→ **Work required**
Return all of the entries below, word for word. Omit each picture.

→ **Records provided**
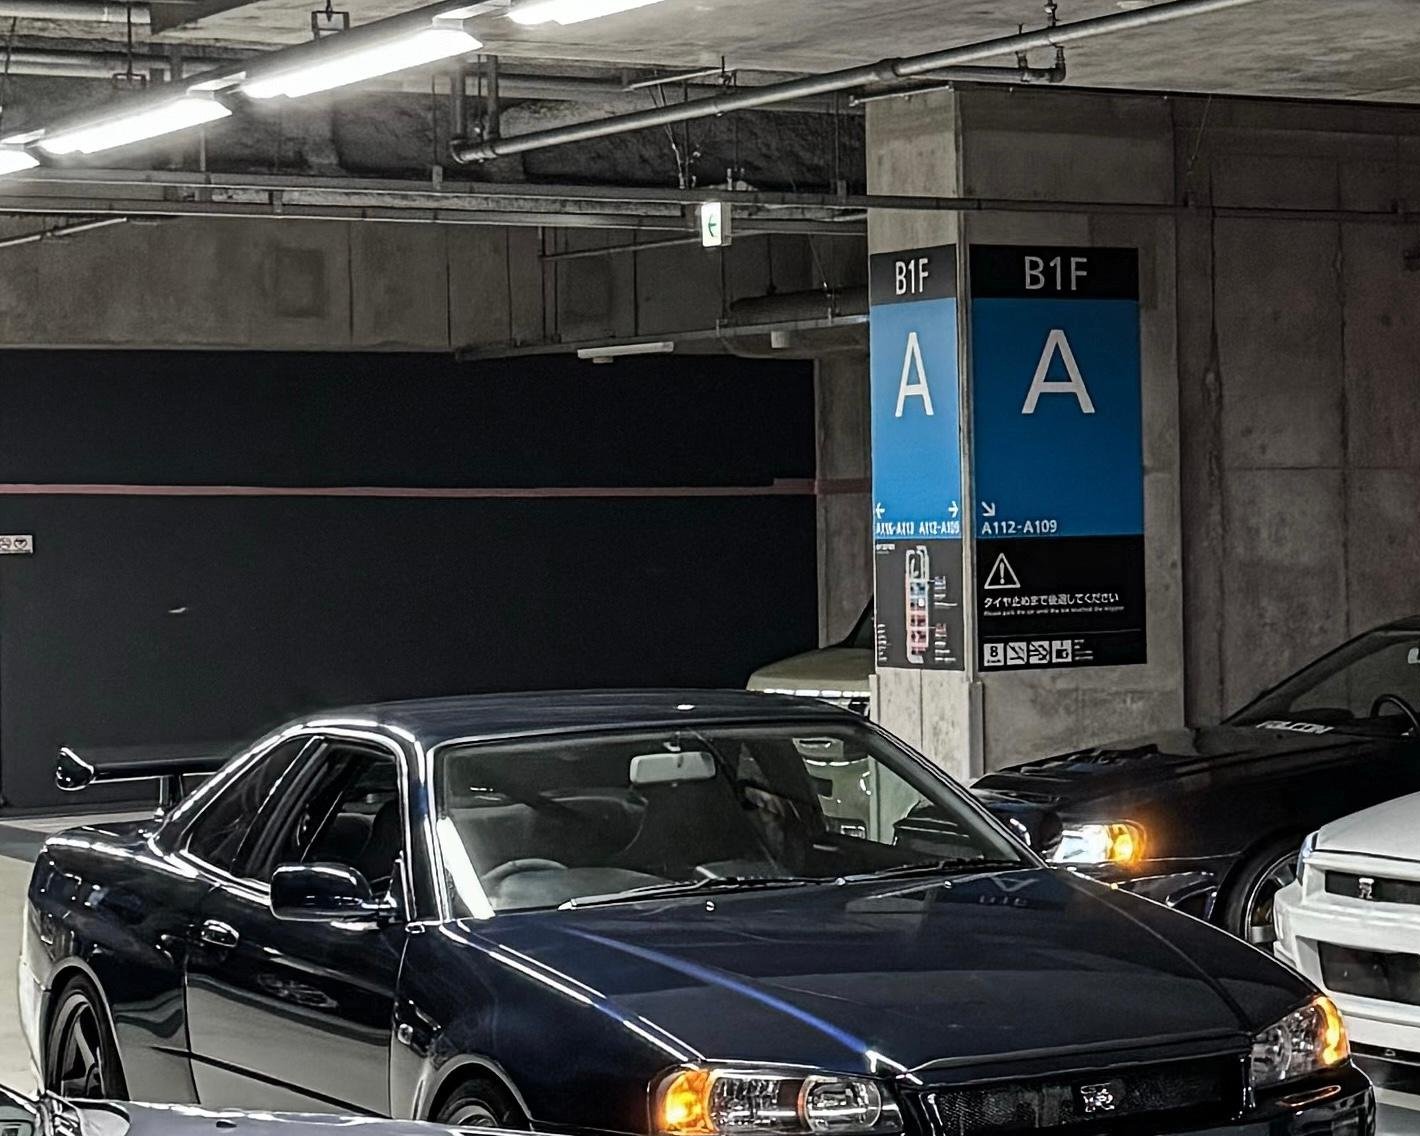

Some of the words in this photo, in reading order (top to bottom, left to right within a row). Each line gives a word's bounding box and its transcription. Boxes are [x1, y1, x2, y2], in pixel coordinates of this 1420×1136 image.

[895, 257, 929, 296] B1F
[1024, 255, 1088, 291] B1F
[895, 331, 935, 418] A
[1021, 329, 1096, 415] A
[981, 519, 1058, 535] A112-A109
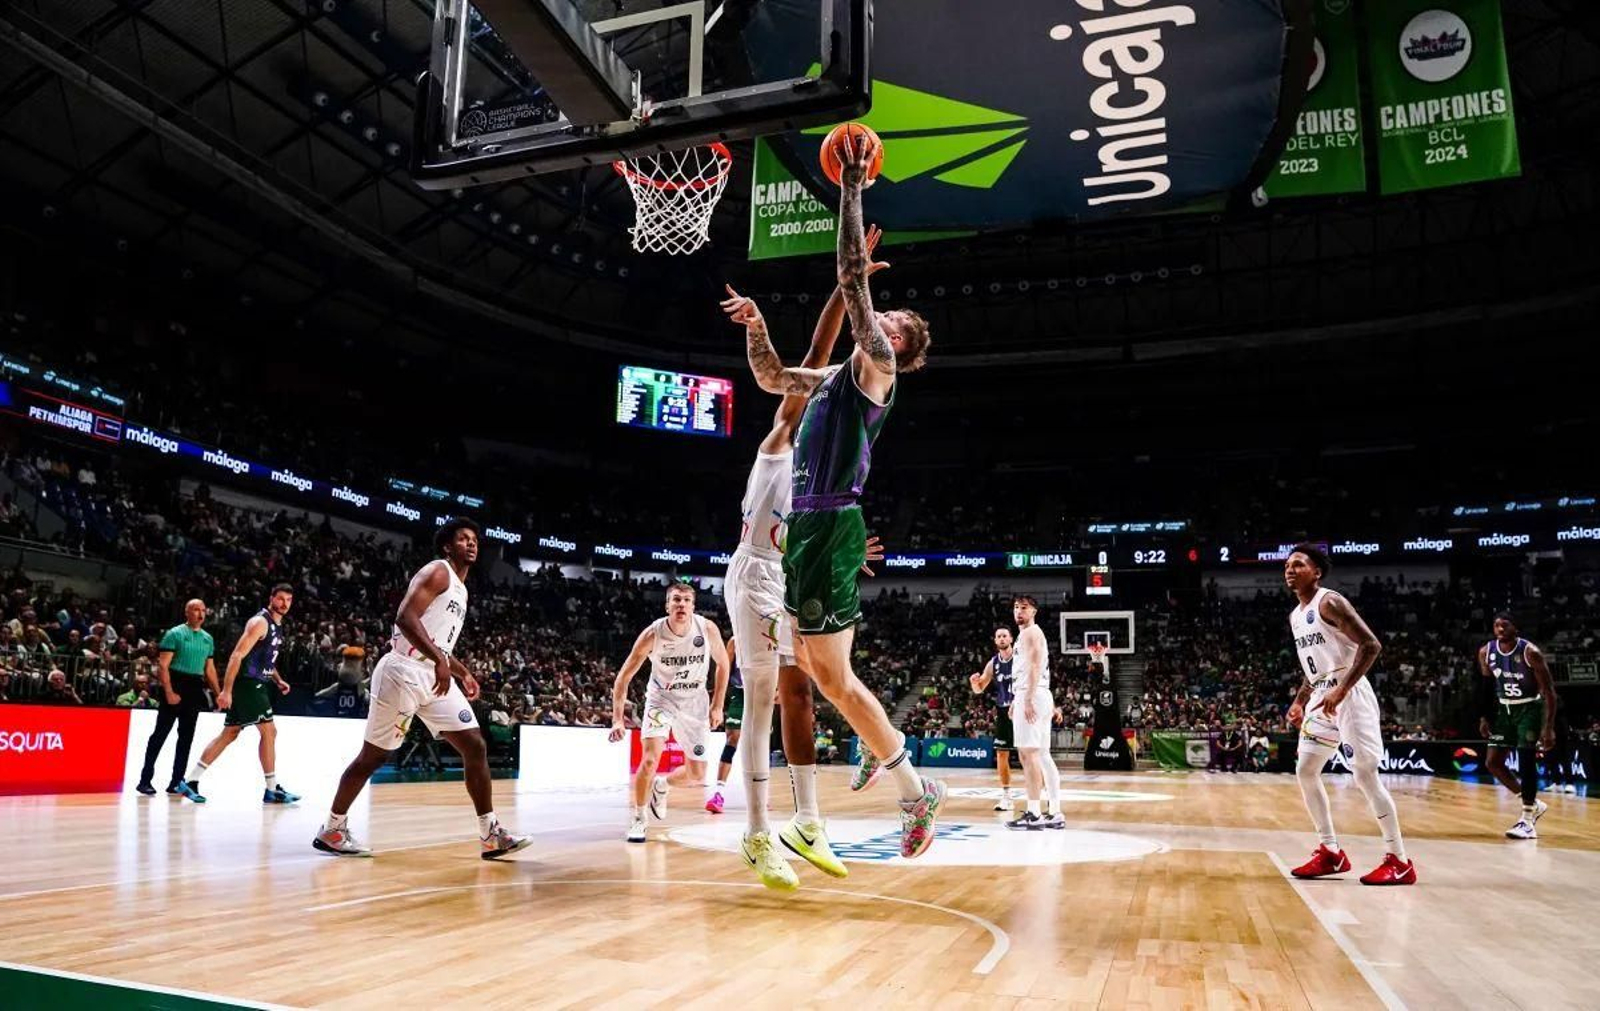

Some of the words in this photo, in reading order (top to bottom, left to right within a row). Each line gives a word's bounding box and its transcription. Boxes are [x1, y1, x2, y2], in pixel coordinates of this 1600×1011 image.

[1380, 88, 1506, 130] CAMPEONES
[1325, 132, 1359, 148] REY
[1428, 127, 1465, 145] BCL
[1425, 144, 1469, 164] 2024
[1280, 158, 1319, 174] 2023
[759, 202, 796, 218] COPA
[770, 218, 834, 237] 2000/2001
[29, 405, 92, 433] PETKIMSPOR
[59, 404, 93, 423] ALIAGA
[1030, 554, 1072, 565] UNICAJA
[1098, 551, 1107, 565] 0
[1134, 550, 1165, 564] 9:22
[1220, 546, 1229, 562] 2
[271, 650, 279, 663] 7
[1307, 655, 1317, 674] 8
[1503, 683, 1523, 697] 55
[948, 747, 987, 760] Unicaja
[1095, 750, 1119, 760] Unicaja
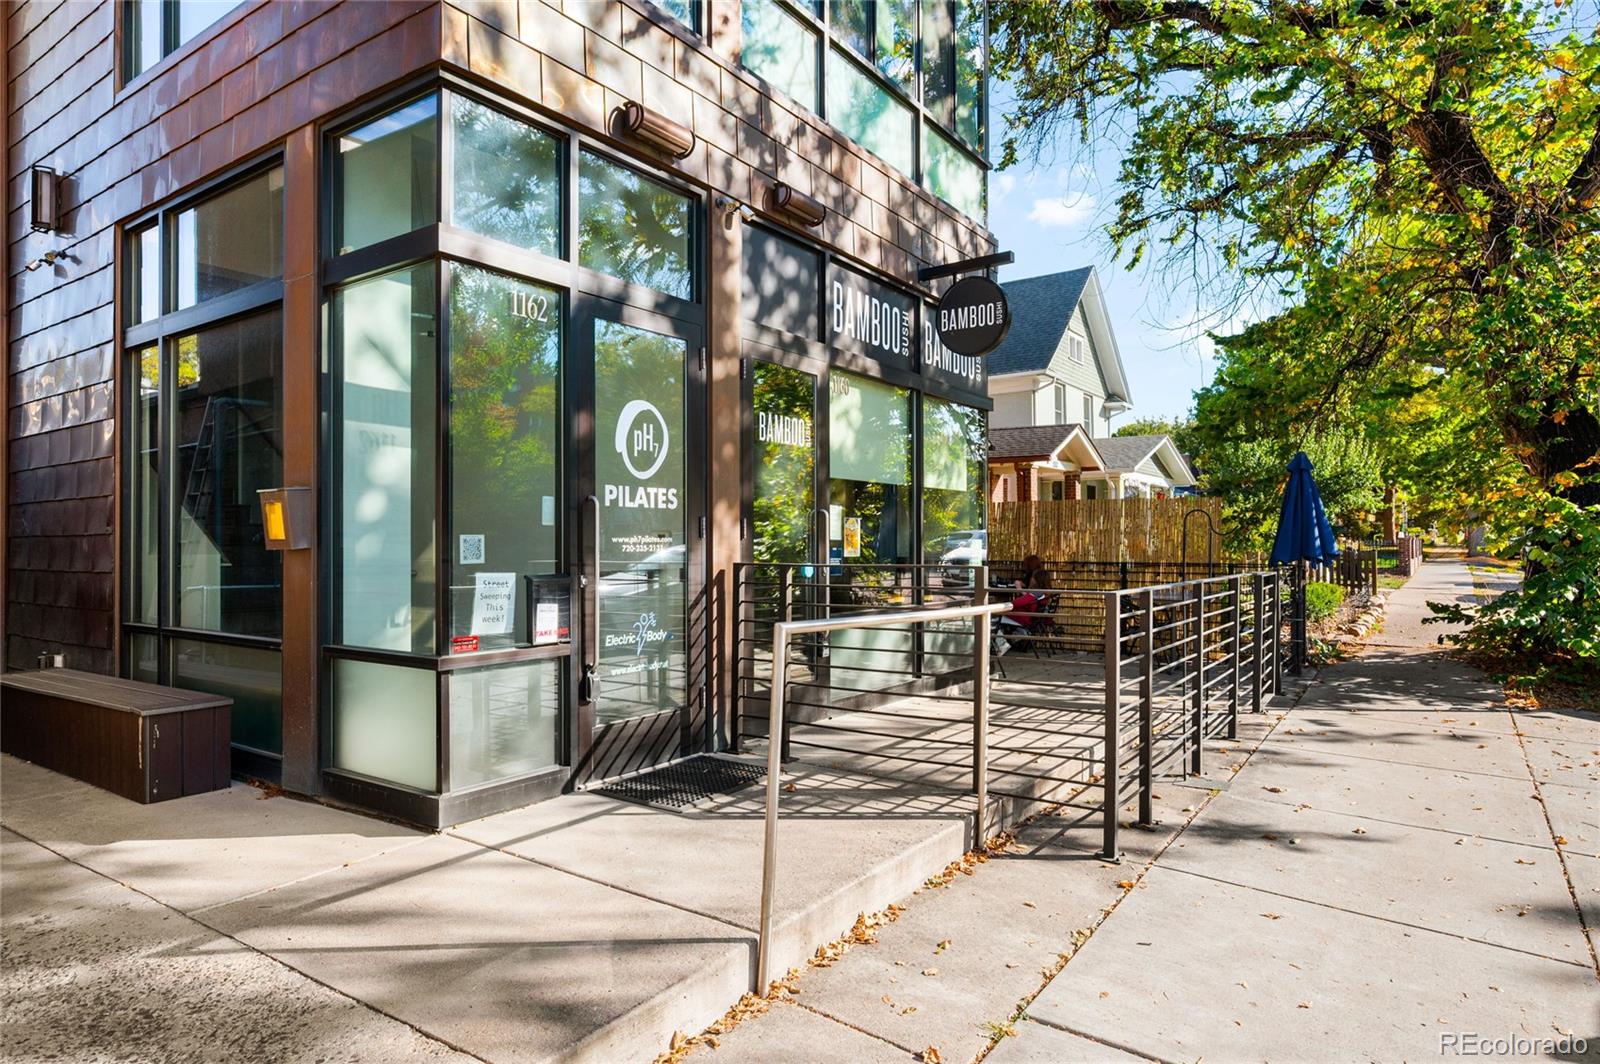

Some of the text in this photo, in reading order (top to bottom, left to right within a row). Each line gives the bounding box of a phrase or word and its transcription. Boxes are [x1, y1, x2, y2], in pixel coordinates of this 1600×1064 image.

[511, 290, 548, 323] 1162
[941, 301, 1004, 332] BAMBOO SUSHI
[833, 281, 910, 357] BAMBOO SUSHI
[759, 411, 805, 448] BAMBOO
[604, 484, 678, 510] PILATES
[611, 535, 673, 544] www.ph7pilates.com
[482, 580, 510, 589] Street
[479, 592, 512, 601] Sweeping
[486, 603, 504, 612] This
[605, 633, 637, 647] Electric
[646, 629, 667, 642] Body
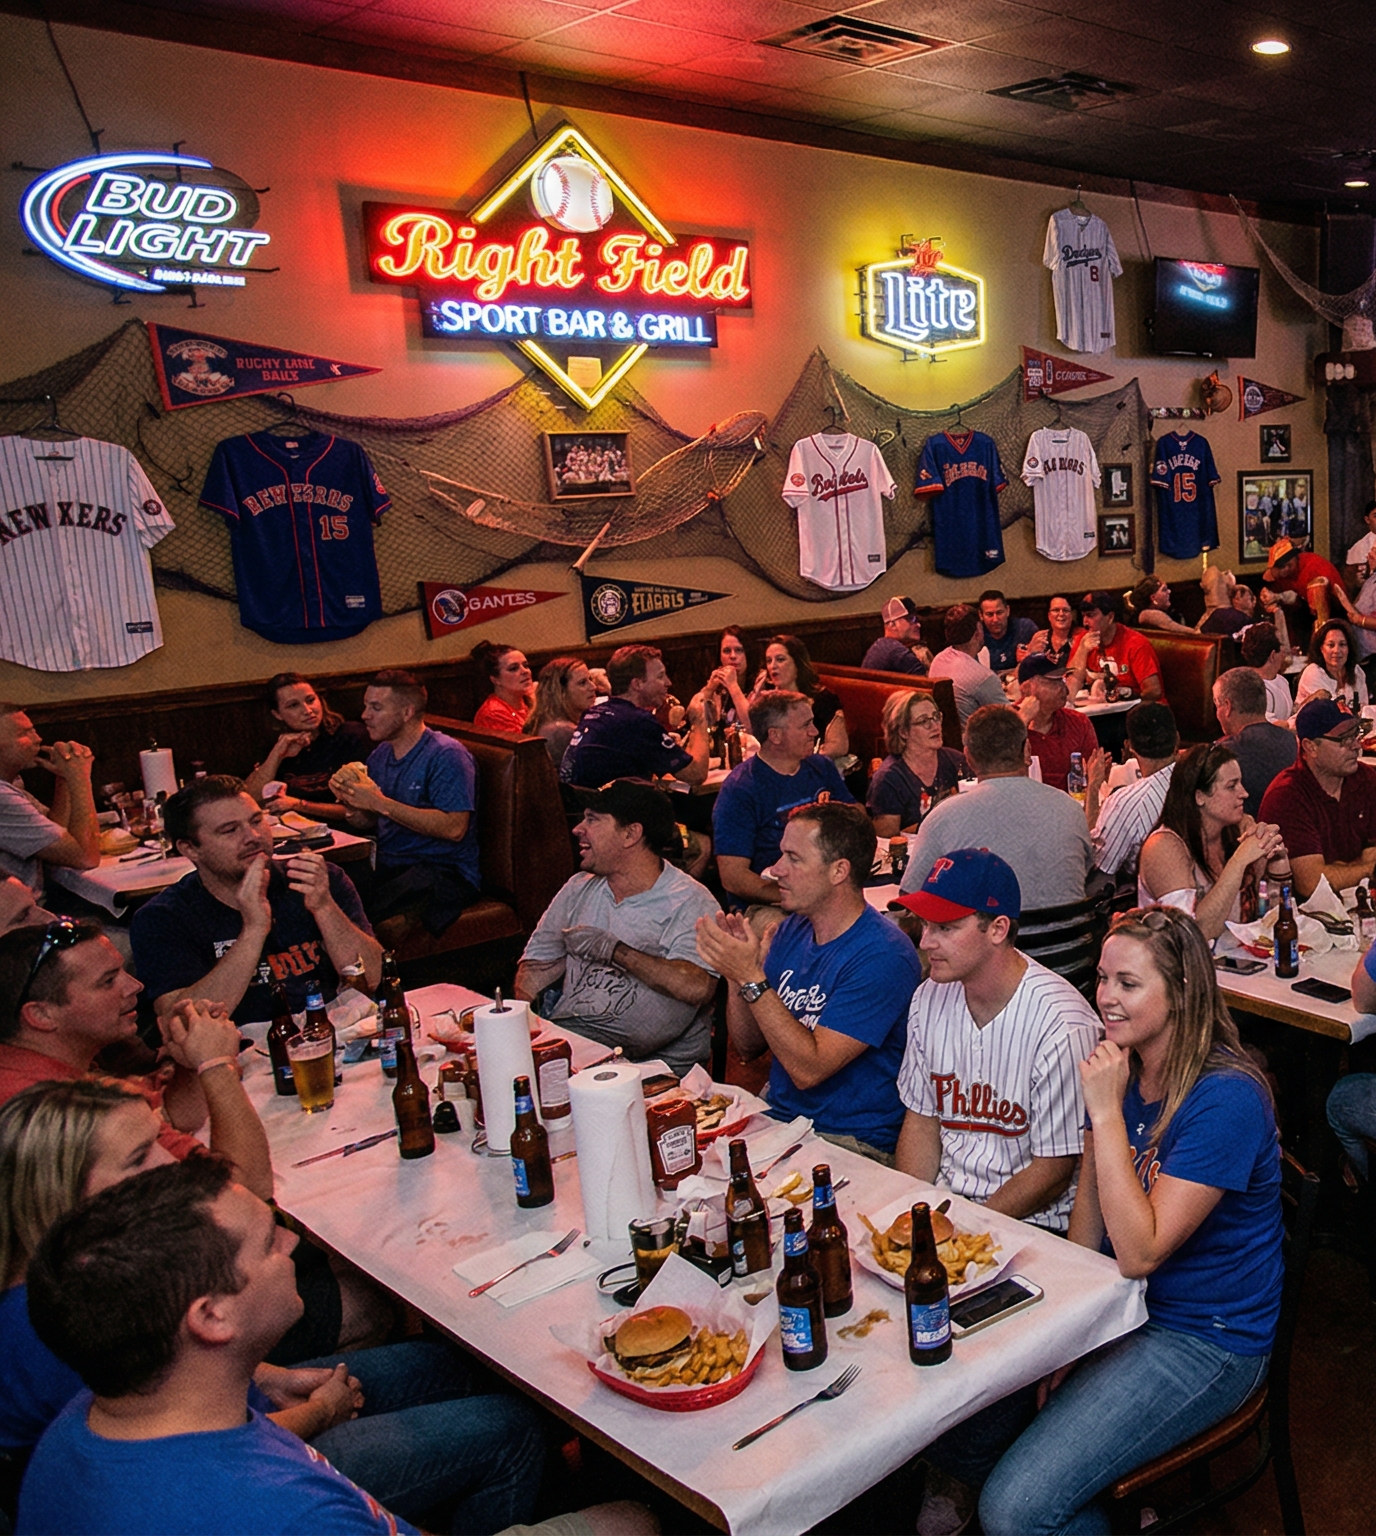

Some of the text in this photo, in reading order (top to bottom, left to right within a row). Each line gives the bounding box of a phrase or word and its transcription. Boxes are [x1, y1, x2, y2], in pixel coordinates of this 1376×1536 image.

[85, 172, 240, 224] BUD
[62, 212, 271, 266] LIGHT
[378, 212, 750, 301] Right Field
[437, 301, 713, 343] SPORT BAR & GRILL
[881, 272, 976, 341] Lite
[1173, 472, 1197, 503] 15
[319, 515, 349, 540] 15
[929, 1072, 1028, 1126] Phillies
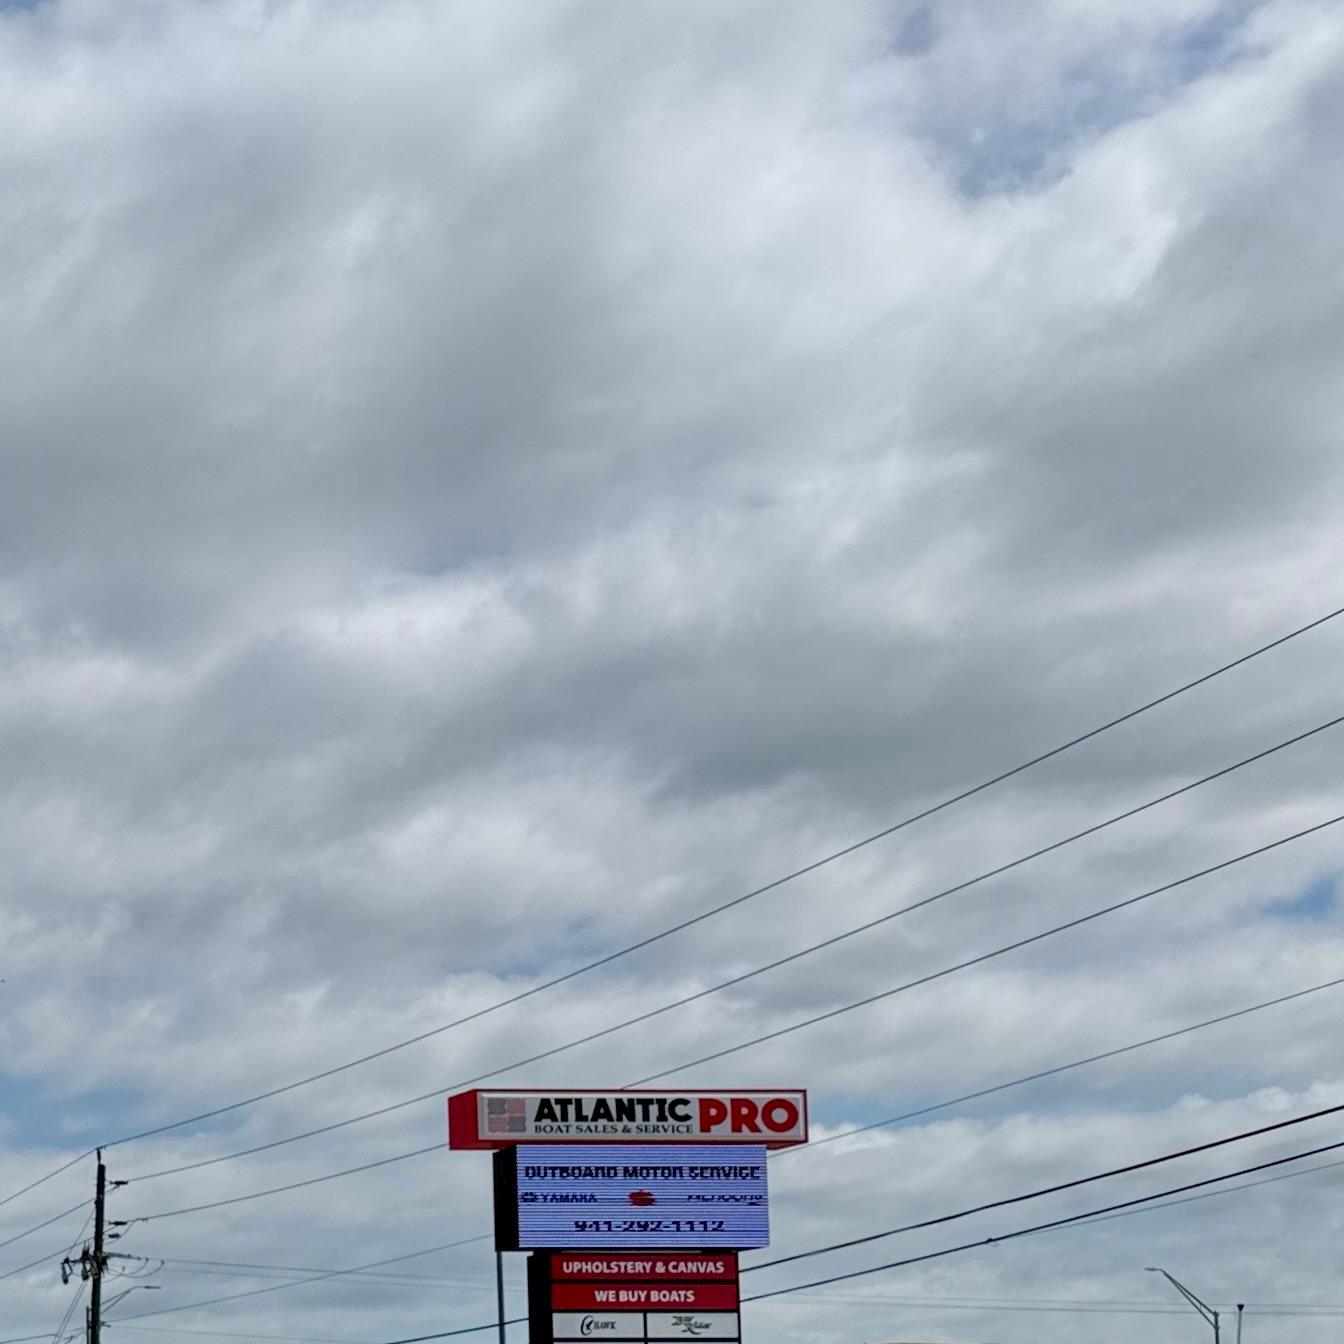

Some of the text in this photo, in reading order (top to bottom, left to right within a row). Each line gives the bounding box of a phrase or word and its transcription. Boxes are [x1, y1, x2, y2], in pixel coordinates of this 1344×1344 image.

→ **Exercise answer**
Some of the words in this photo, in reading order (top to bottom, left to right within a row). Each line gives a word's bounding box and its transcription. Boxes are [x1, y1, x2, y2], in pixel coordinates of this 1420×1136 image.

[895, 257, 929, 296] B1F
[1024, 255, 1088, 291] B1F
[895, 331, 935, 418] A
[1021, 329, 1096, 415] A
[981, 519, 1058, 535] A112-A109

Some of the words in this photo, in reading order (top to bottom, left to right within a row). Each line gives a word's bounding box and its transcription. Boxes are [x1, y1, x2, y2], in pixel coordinates of this 1600×1011 image.

[1380, 88, 1506, 130] CAMPEONES
[1325, 132, 1359, 148] REY
[1428, 127, 1465, 145] BCL
[1425, 144, 1469, 164] 2024
[1280, 158, 1319, 174] 2023
[759, 202, 796, 218] COPA
[770, 218, 834, 237] 2000/2001
[29, 405, 92, 433] PETKIMSPOR
[59, 404, 93, 423] ALIAGA
[1030, 554, 1072, 565] UNICAJA
[1098, 551, 1107, 565] 0
[1134, 550, 1165, 564] 9:22
[1220, 546, 1229, 562] 2
[271, 650, 279, 663] 7
[1307, 655, 1317, 674] 8
[1503, 683, 1523, 697] 55
[948, 747, 987, 760] Unicaja
[1095, 750, 1119, 760] Unicaja

Some of the text in this photo, in reading order (top to bottom, left to right within a row). Each line gives the bounding box of a phrase or word and its transcription. Boxes are [x1, y1, x2, y2], in pixel coordinates of this 1600×1064 image.

[511, 290, 548, 323] 1162
[941, 301, 1004, 332] BAMBOO SUSHI
[833, 281, 910, 357] BAMBOO SUSHI
[759, 411, 805, 448] BAMBOO
[604, 484, 678, 510] PILATES
[611, 535, 673, 544] www.ph7pilates.com
[482, 580, 510, 589] Street
[479, 592, 512, 601] Sweeping
[486, 603, 504, 612] This
[605, 633, 637, 647] Electric
[646, 629, 667, 642] Body

Some of the text in this photo, in reading order (top to bottom, left to right within a row). Each line gives the bounding box of a phrase or word and its transcription. Boxes are [x1, y1, x2, y2], in pixel coordinates of this 1376×1536 image.

[85, 172, 240, 224] BUD
[62, 212, 271, 266] LIGHT
[378, 212, 750, 301] Right Field
[437, 301, 713, 343] SPORT BAR & GRILL
[881, 272, 976, 341] Lite
[1173, 472, 1197, 503] 15
[319, 515, 349, 540] 15
[929, 1072, 1028, 1126] Phillies

Some of the text in this photo, in reading order (top to bottom, left to right within a row). Each line gives the bounding box of a phrase or word and its transcription. Boxes are [x1, y1, x2, y2], in pixel coordinates of this 1344×1344 image.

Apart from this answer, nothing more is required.